Every entry below should appear in the answer exactly as written, apart from the pictures.

╭─ Material to process

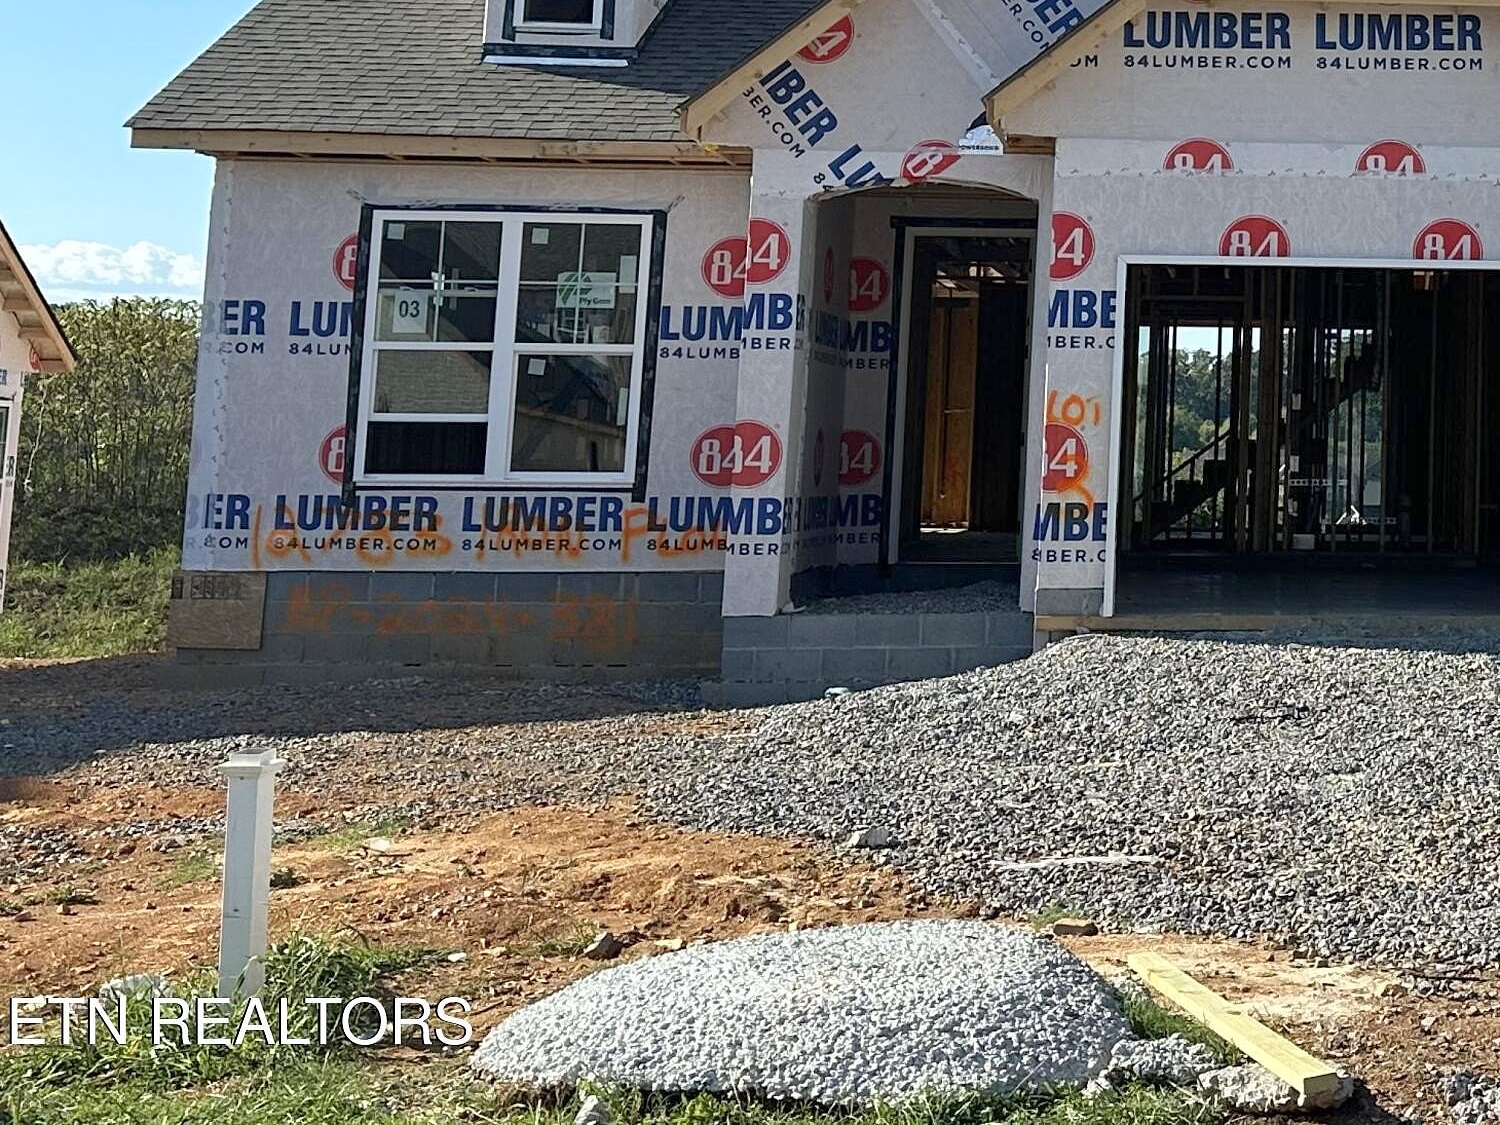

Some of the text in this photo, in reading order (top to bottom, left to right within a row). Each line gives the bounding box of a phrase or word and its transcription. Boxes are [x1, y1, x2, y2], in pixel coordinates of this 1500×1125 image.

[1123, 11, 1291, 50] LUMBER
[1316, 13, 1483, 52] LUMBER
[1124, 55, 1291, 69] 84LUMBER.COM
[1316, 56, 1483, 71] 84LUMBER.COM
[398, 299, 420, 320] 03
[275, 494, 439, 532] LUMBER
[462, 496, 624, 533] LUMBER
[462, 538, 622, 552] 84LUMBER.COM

╰─

Solution:
Some of the text in this photo, in reading order (top to bottom, left to right within a row). Each line gives the bounding box of a phrase or word and its transcription. Boxes are [x1, y1, x2, y2], in pixel coordinates of this 1500×1125 image.

[1123, 11, 1291, 50] LUMBER
[1316, 13, 1483, 52] LUMBER
[1124, 55, 1291, 69] 84LUMBER.COM
[1316, 56, 1483, 71] 84LUMBER.COM
[398, 299, 420, 320] 03
[275, 494, 439, 532] LUMBER
[462, 496, 624, 533] LUMBER
[462, 538, 622, 552] 84LUMBER.COM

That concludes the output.